Using the Crescent Moon to Point the Way:

There are two ways to use the moon for direction that I know of.  One is in the photo below.  If you connect the tips of the crescent moon and extend this imaginary line you will find South (if in the north) and North (if in the south) where it intersects the horizon.  If the moon is close to either the east or west, I feel that it is more accurate to pretend the line connecting the tips together is a bow-string, and perpendicular to that is an arrow pointing East if well after midnight, or pointing West if well before midnight.

Northern Hemisphere, finding South from Moon. In Southern Hemisphere, you will find North this way.

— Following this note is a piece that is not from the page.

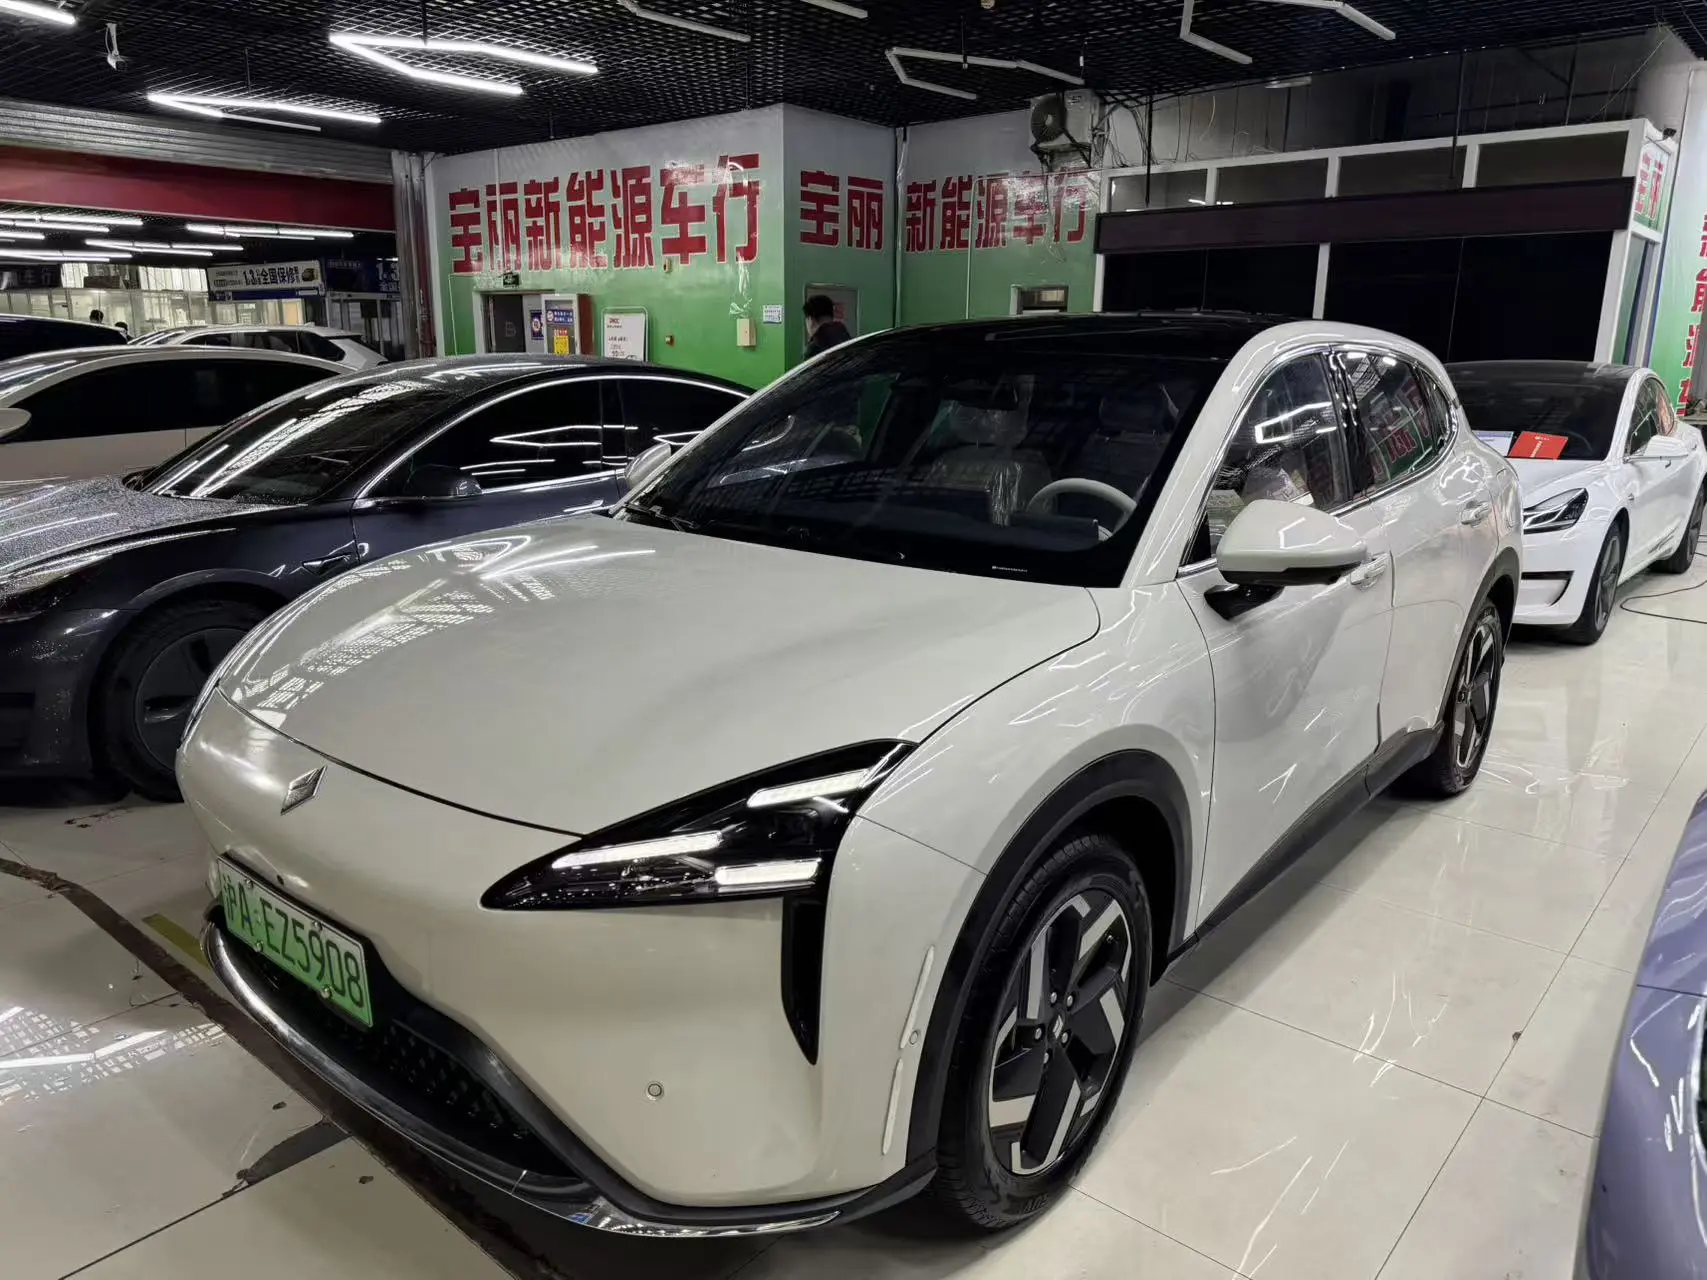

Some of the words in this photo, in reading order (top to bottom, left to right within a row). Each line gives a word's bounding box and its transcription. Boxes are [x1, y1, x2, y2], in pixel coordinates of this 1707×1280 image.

[448, 153, 760, 273] 宝丽新能源车行
[799, 170, 884, 251] 宝丽
[905, 171, 1089, 252] 新能源车行

Compass from Needle on a Leaf:

You can magnetize a needle with a magnet to make it act like a compass needle.  You can also do the same thing with a straightened paperclip.  You can stroke a magnet from the eye to the tip of the needle.  You will have to do this 10-20 times.  If you have no magnet, you can stroke the needle with silk or wool from 50 to 100 times to get it to magnetize.  Once the needle is magnetized, you can float it on a leaf or piece or cork in water, or hang it from a piece of thread (as long as it is hung level with the ground and there is no wind).  It should re-position itself to magnetic north.

Orion’s Belt:

Orion’s Belt runs east and west, and the sword that hangs down from Orion’s belt points South.

The Movement of any star:

All stars will move, just like the Sun, from East to West.  This is a result of the Earth Spinning on its axis.  So, if we can use the Sun, it stands to reason that we can use any celestial body (i.e. star).  Start by placing a long stick in the ground.  Then you will grab a shorter stick.  With your eye, line up the long stick with a star that you can easily identify.  Then, with your eye in the same spot, line the top of the shorter stick with the top of the longer stick within your line of sight.  Now the tips of both sticks should be lined up with the star.  Wait 15 or 30 minutes and come back to the same spot where the two stick tops line up (this is lining up you to the exact same vantage point, so you don’t have to guess.)  The star will no longer be lined up with the sticks.  It will have moved westward.  If the star has moved up, then you are looking East.  If it moved down, you are looking West.  If it moved Left, you are looking North.  If it moved Right, you are looking South.  It will probably move up and right, or down and right, so you can approximate direction such as SouthEast or SouthWest.  You can also try to rearrange the sticks for a better line up, so you can be more precise, but it will take more time.

Using Stars. Your eye is at the bottom of the arrow and the arrow is pointing in the direction you are looking.

Don’t trust your life to Moss, Tree branches, Melting Snow, or Anthills since they aren’t always too accurate.